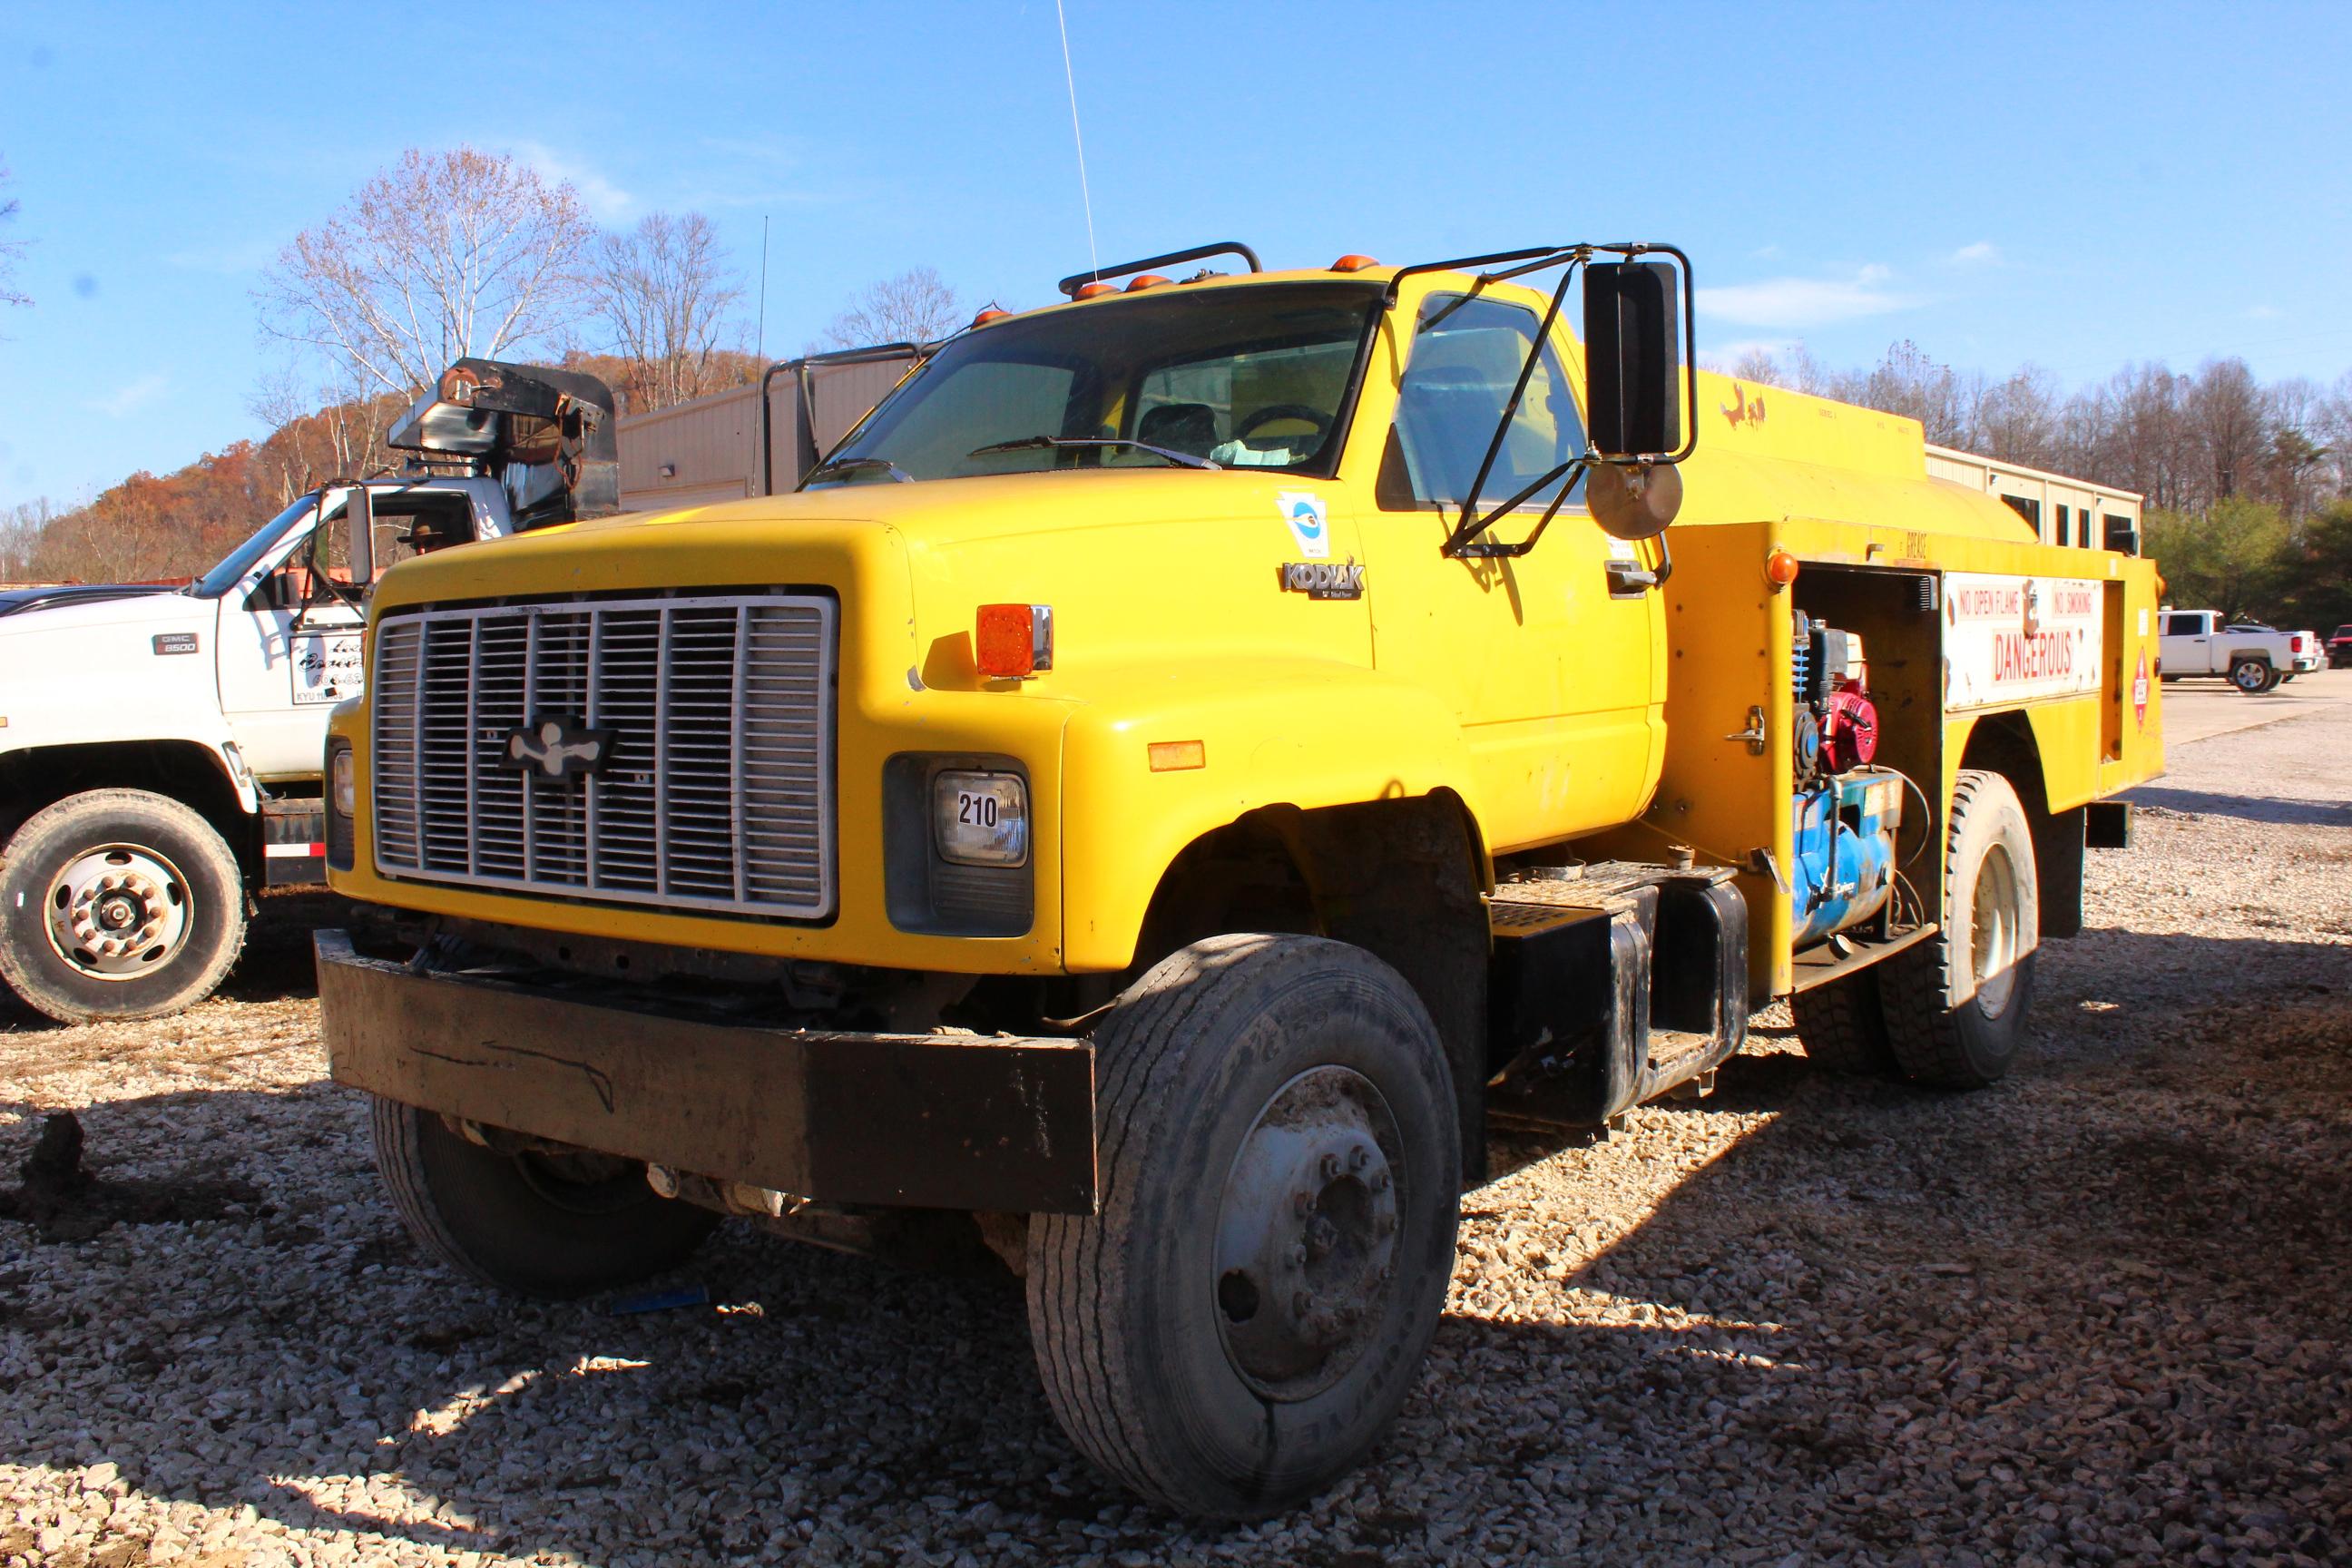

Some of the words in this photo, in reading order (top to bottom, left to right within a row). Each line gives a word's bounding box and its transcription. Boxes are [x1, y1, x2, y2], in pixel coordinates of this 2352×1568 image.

[1283, 563, 1365, 591] KODIAK
[1960, 590, 1970, 615] NO
[1975, 590, 1994, 615] OPEN
[1996, 590, 2018, 614] FLAME
[2054, 593, 2063, 613] NO
[2067, 593, 2091, 613] SMOKING
[165, 643, 196, 652] 8500
[1994, 631, 2072, 681] DANGEROUS
[959, 794, 997, 828] 210

EXERCISE DIRECTIONS:
The entries above should be retyped exactly, minus any pictures.

ANSWER SPACE:
Some of the words in this photo, in reading order (top to bottom, left to right within a row). Each line gives a word's bounding box and its transcription. Boxes are [x1, y1, x2, y2], in pixel coordinates of this 2352×1568 image.

[1283, 563, 1365, 591] KODIAK
[1960, 590, 1970, 615] NO
[1975, 590, 1994, 615] OPEN
[1996, 590, 2018, 614] FLAME
[2054, 593, 2063, 613] NO
[2067, 593, 2091, 613] SMOKING
[165, 643, 196, 652] 8500
[1994, 631, 2072, 681] DANGEROUS
[959, 794, 997, 828] 210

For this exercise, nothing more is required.